• [Available data]:
===
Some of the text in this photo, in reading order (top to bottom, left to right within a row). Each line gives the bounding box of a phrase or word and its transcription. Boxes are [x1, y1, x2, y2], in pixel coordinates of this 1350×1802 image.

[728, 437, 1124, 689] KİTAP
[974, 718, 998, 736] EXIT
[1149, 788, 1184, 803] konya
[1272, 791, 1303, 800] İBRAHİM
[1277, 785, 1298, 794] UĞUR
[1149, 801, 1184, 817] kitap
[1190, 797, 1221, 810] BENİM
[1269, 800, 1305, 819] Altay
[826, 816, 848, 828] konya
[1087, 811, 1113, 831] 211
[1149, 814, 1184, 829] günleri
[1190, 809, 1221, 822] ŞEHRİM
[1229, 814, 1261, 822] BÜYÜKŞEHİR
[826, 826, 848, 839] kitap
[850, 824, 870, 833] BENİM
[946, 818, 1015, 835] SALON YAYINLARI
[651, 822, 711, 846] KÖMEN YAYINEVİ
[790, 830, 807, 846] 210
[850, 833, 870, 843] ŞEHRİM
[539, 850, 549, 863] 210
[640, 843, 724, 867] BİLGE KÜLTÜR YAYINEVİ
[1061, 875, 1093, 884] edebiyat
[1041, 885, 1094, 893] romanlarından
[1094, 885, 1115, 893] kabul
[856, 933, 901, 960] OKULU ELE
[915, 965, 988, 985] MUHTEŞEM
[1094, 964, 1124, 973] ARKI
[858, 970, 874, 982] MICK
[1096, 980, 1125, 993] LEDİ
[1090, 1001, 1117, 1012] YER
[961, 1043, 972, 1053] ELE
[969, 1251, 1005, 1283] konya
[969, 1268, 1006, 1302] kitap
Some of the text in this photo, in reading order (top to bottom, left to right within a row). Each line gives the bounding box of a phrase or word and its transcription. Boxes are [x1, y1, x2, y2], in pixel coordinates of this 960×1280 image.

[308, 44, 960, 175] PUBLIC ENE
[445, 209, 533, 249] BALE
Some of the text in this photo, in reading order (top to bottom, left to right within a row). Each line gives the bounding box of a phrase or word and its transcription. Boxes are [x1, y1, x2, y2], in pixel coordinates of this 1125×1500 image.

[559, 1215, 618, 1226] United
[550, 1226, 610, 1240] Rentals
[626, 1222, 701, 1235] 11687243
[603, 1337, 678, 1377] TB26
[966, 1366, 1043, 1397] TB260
===
• [Exercise requirements]: Taking the line with "this 960×1280 image." as the start and the last line of the data above as the end, write out those two lines and every line between them exactly, and only those.

• [Answer space]:
Some of the text in this photo, in reading order (top to bottom, left to right within a row). Each line gives the bounding box of a phrase or word and its transcription. Boxes are [x1, y1, x2, y2], in pixel coordinates of this 960×1280 image.

[308, 44, 960, 175] PUBLIC ENE
[445, 209, 533, 249] BALE
Some of the text in this photo, in reading order (top to bottom, left to right within a row). Each line gives the bounding box of a phrase or word and its transcription. Boxes are [x1, y1, x2, y2], in pixel coordinates of this 1125×1500 image.

[559, 1215, 618, 1226] United
[550, 1226, 610, 1240] Rentals
[626, 1222, 701, 1235] 11687243
[603, 1337, 678, 1377] TB26
[966, 1366, 1043, 1397] TB260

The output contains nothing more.